Petitioners resided in Chicago, Illinois, at the time the petition was filed.

Petitioner went to high school and secretarial school in London, England. After graduating from secretarial school, petitioner came to the United States in 1964. She worked primarily as a secretary, first in Los Angeles, California, and later in Chicago, Illinois, until 1974.

Petitioner and Mr. Michaels were married in 1970. During the first 4 years of their marriage, until the birth of their daughter in 1974, petitioner continued working as a secretary. Thereafter, petitioner worked as a housewife, mother, and homemaker until 1983.

During their marriage, petitioner and Mr. Michaels maintained a joint bank account. Mr. Michaels gave petitioner a monthly allowance, which petitioner used to pay the household bills. Petitioner also maintained a separate account. Until petitioner stopped working, she deposited her secretarial salary into this separate account, and she used it to pay for her own personal expenses.

After petitioner stopped working in 1974, petitioner continued to receive a monthly allowance from her husband in an amount that ranged from $2,300 to $2,700. Petitioner took this monthly check and deposited it into her separate account and used this allowance to pay the household bills.

When they were first married, petitioner and Mr. Michaels lived in an apartment for which they paid monthly rent of $460. In 1975, Mr. Michaels and petitioner purchased and moved into a cooperative apartment. They paid $125,000 for the cooperative apartment. The cooperative dues amounted to approximately $600 per month, which petitioner paid out of the allowance Mr. Michaels gave her. Throughout their marriage, petitioners had domestic help. Petitioners lived a comfortable but not extravagant lifestyle. For her 30th birthday in 1976, Mr. Michaels bought petitioner jewelry worth about $5,000 to $6,000.
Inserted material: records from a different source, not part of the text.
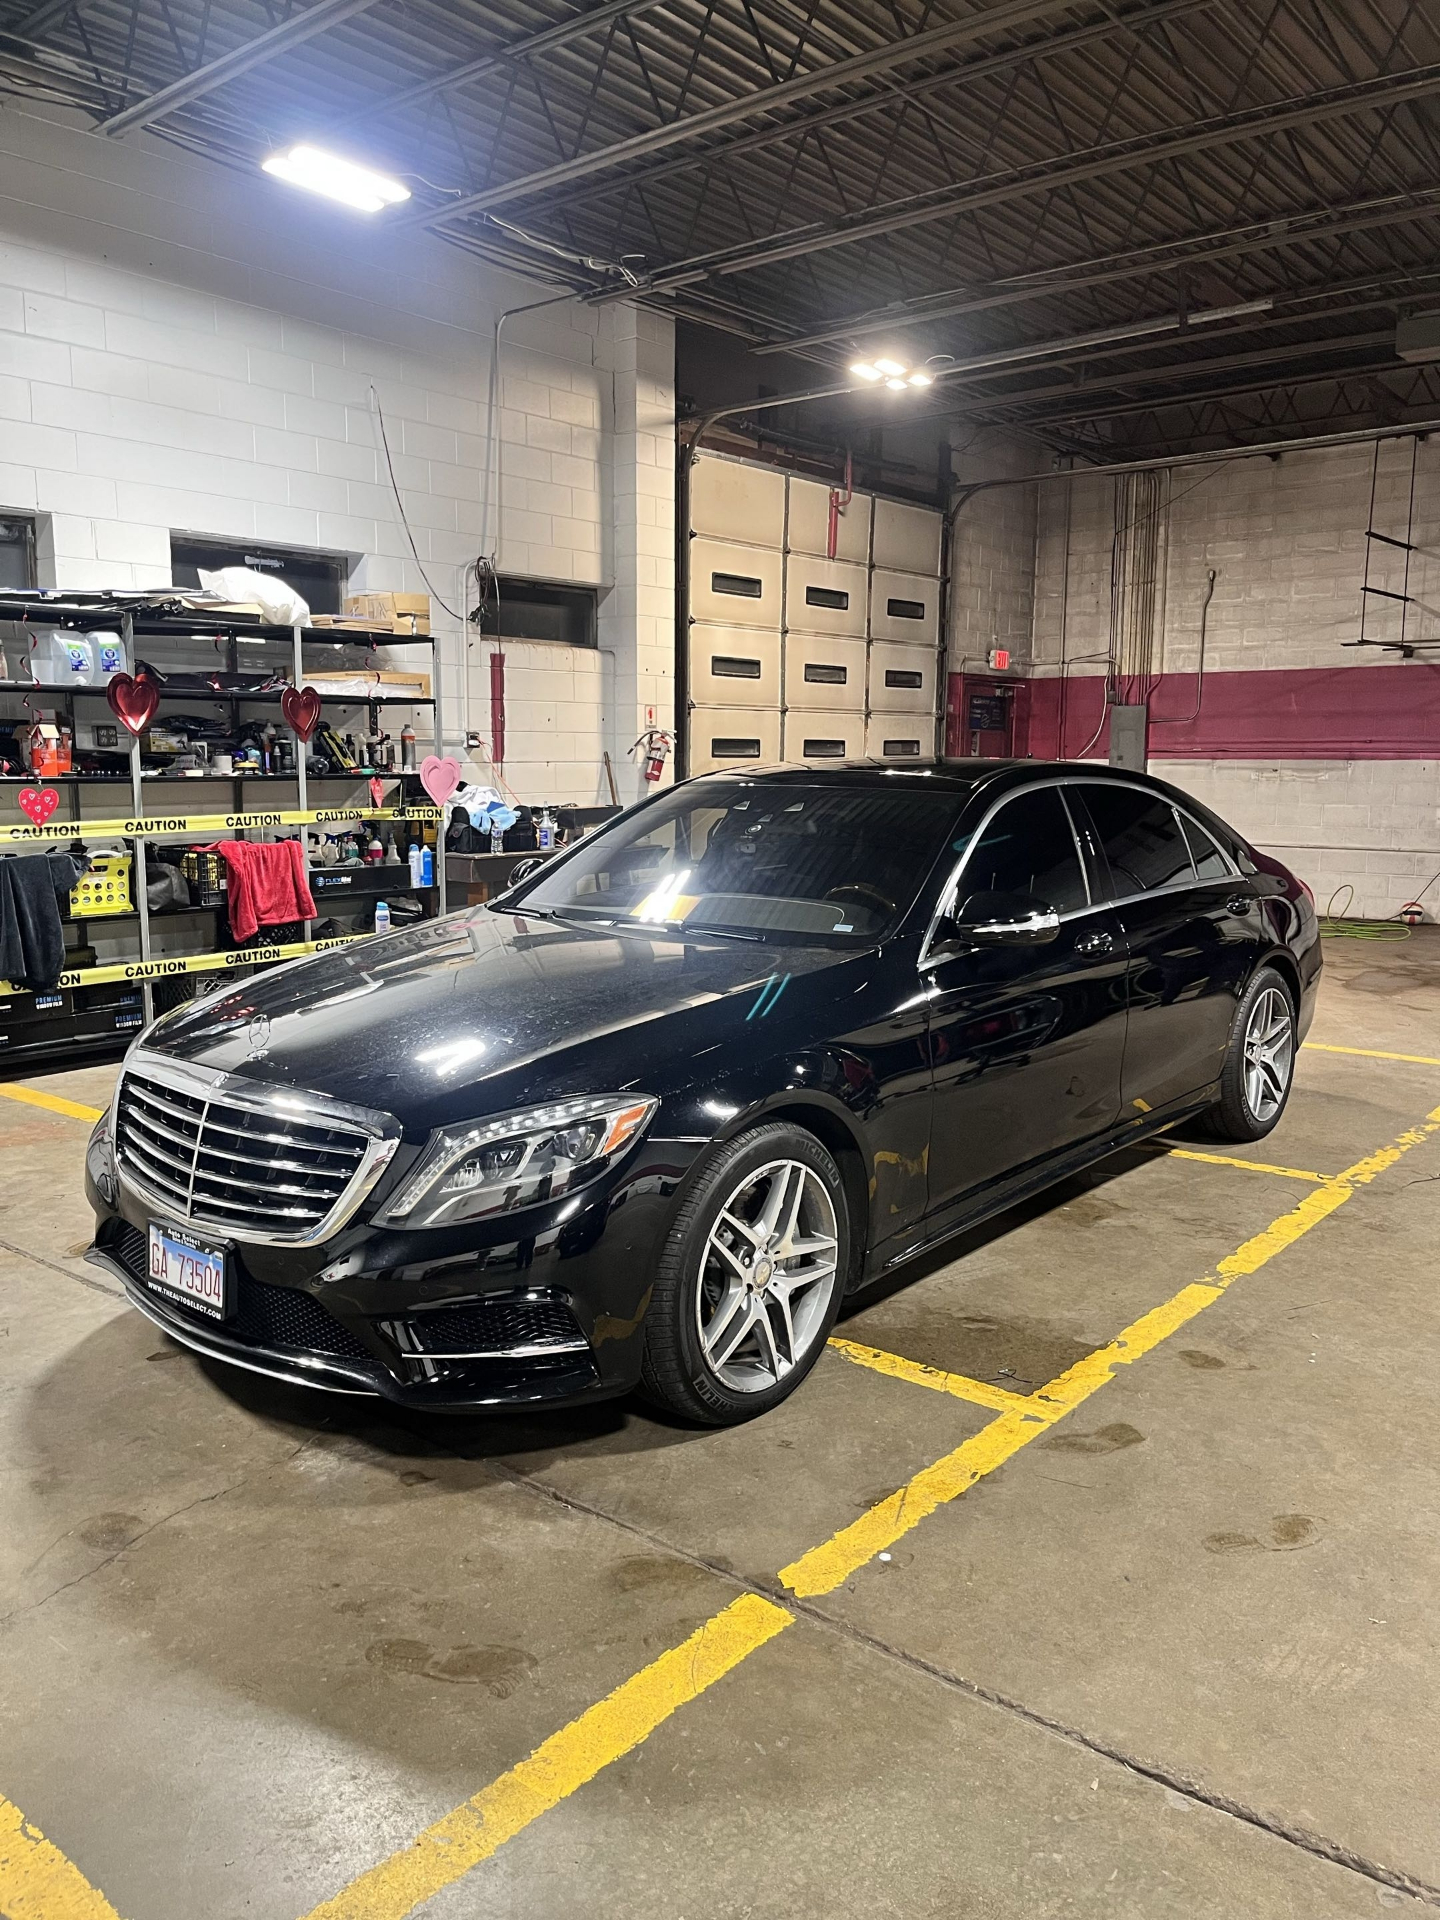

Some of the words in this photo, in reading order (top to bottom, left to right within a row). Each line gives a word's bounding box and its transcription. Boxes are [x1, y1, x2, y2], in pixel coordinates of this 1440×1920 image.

[9, 825, 80, 839] CAUTION
[125, 819, 187, 832] CAUTION
[226, 814, 281, 827] CAUTION
[316, 810, 363, 822] CAUTION
[125, 961, 187, 977] CAUTION
[226, 949, 280, 964] CAUTION
[35, 995, 62, 1004] PREMIUM
[115, 1013, 142, 1022] PREMIUM
[795, 1138, 839, 1183] MICHELIN
[152, 1243, 167, 1279] GA
[178, 1253, 221, 1301] 73504
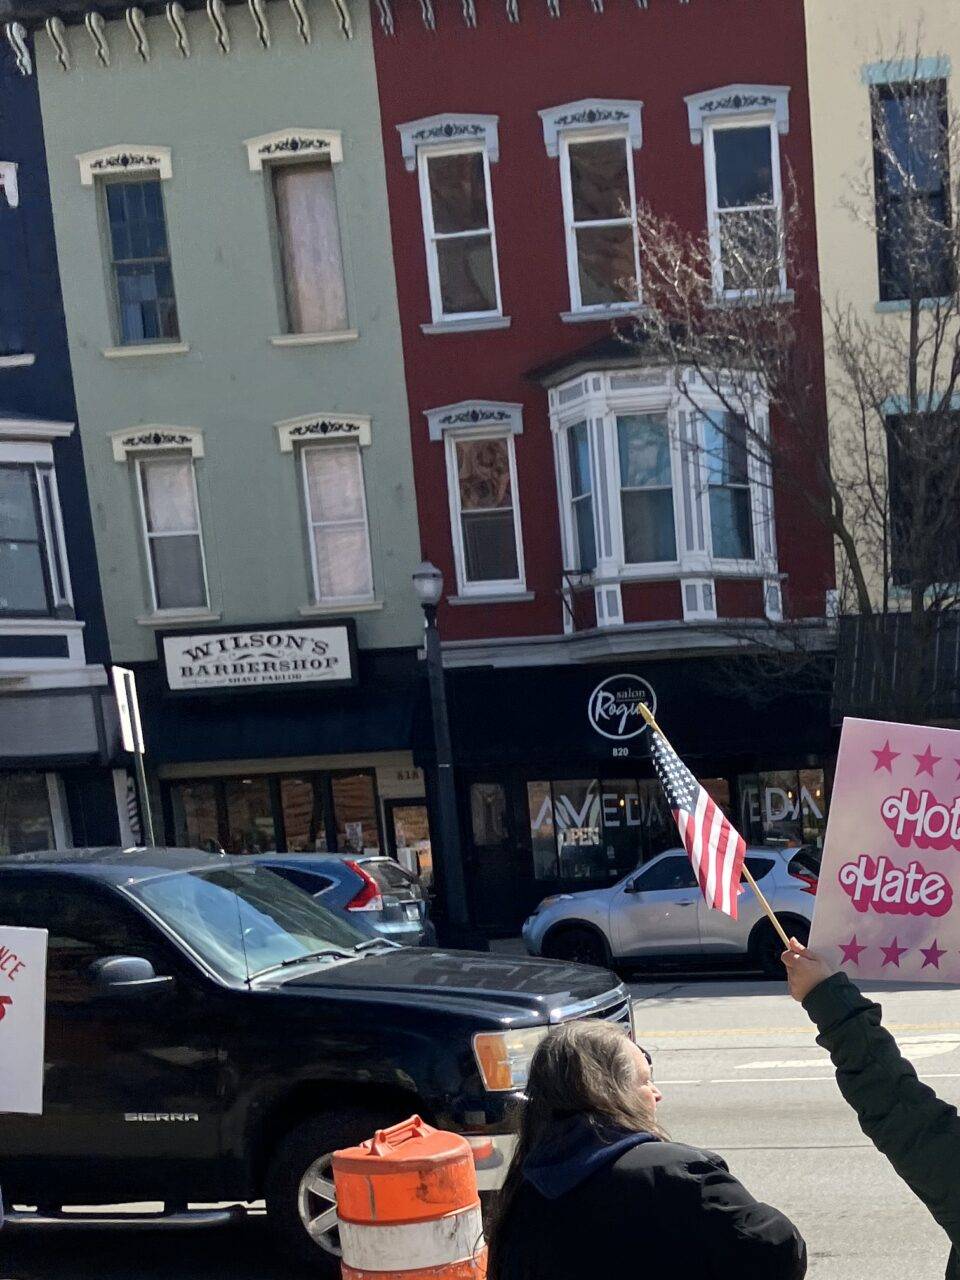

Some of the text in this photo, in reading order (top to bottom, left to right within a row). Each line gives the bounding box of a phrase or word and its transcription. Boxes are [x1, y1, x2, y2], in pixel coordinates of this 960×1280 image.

Mr. Michaels was president of the shipping division of Hyman-Michaels Corporation, a family-owned shipping company. Mr. Michaels also headed the export department of the family-owned scrap steel company. Mr. Michaels operated the family business without input from petitioner. In 1976, Mr. Michaels sold his interests in the family business for nearly $1 million. Following the sale of the family business, Mr. Michaels started his own export-import business.

Mr. Michaels frequently had to make business trips, and petitioner would accompany him on these trips. Petitioner did not take part in the business dealings of her husband but accompanied him on these trips on a social basis. Mr. Michaels traveled to Asia, Latin America, and Europe on business, taking petitioner with him. Generally, Mr. Michaels and petitioner would take a vacation together at the end of these trips. In 1976, they spent one week in France and one week in Corsica. They spent time together in France again in 1977 and in 1978.

Mr. Michaels and petitioner filed joint Federal income tax returns. Mr. Michaels, with the help of a C.P.A., prepared the family Federal income tax returns. Petitioner simply signed the returns, without taking part in filling out the information. In 1976, when Mr. Michaels sold his interests in the family-owned business, petitioners reported a long-term capital gain of $761,403 on their 1976 return. On Schedule D of their 1976 return, petitioners reported short-term losses from trading in commodity futures contracts in the amount of $445,699. Petitioners also reported ordinary losses from straddle trading in U.S. Treasury Bills in the amount of $131,566 on Form 4797 of their 1976 return.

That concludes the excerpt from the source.